Retype all of the records shown beneath this task, exactly as they stand.

(Phrase grounding data)
○ ○ ○ ○ ○ ○ ○

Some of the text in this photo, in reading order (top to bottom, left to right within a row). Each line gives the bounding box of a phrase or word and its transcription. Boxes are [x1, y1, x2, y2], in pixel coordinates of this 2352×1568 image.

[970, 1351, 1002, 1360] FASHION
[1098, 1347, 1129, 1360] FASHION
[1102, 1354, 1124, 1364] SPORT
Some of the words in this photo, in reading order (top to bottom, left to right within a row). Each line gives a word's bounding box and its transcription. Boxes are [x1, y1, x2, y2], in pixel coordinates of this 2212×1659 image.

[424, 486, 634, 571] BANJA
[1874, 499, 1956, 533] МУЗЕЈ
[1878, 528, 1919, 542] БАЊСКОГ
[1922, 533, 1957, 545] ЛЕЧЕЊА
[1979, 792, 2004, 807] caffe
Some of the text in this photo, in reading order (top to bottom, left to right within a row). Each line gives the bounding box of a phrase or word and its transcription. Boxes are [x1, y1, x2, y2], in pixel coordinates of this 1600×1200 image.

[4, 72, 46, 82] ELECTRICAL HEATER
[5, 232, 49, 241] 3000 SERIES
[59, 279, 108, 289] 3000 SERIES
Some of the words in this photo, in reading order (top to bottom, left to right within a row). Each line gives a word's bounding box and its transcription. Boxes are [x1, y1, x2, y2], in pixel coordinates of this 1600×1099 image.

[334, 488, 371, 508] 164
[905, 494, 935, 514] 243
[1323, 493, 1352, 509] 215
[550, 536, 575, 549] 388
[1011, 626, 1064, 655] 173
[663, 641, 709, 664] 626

○ ○ ○ ○ ○ ○ ○

§ Finished task
Some of the text in this photo, in reading order (top to bottom, left to right within a row). Each line gives the bounding box of a phrase or word and its transcription. Boxes are [x1, y1, x2, y2], in pixel coordinates of this 2352×1568 image.

[970, 1351, 1002, 1360] FASHION
[1098, 1347, 1129, 1360] FASHION
[1102, 1354, 1124, 1364] SPORT
Some of the words in this photo, in reading order (top to bottom, left to right within a row). Each line gives a word's bounding box and its transcription. Boxes are [x1, y1, x2, y2], in pixel coordinates of this 2212×1659 image.

[424, 486, 634, 571] BANJA
[1874, 499, 1956, 533] МУЗЕЈ
[1878, 528, 1919, 542] БАЊСКОГ
[1922, 533, 1957, 545] ЛЕЧЕЊА
[1979, 792, 2004, 807] caffe
Some of the text in this photo, in reading order (top to bottom, left to right within a row). Each line gives the bounding box of a phrase or word and its transcription. Boxes are [x1, y1, x2, y2], in pixel coordinates of this 1600×1200 image.

[4, 72, 46, 82] ELECTRICAL HEATER
[5, 232, 49, 241] 3000 SERIES
[59, 279, 108, 289] 3000 SERIES
Some of the words in this photo, in reading order (top to bottom, left to right within a row). Each line gives a word's bounding box and its transcription. Boxes are [x1, y1, x2, y2], in pixel coordinates of this 1600×1099 image.

[334, 488, 371, 508] 164
[905, 494, 935, 514] 243
[1323, 493, 1352, 509] 215
[550, 536, 575, 549] 388
[1011, 626, 1064, 655] 173
[663, 641, 709, 664] 626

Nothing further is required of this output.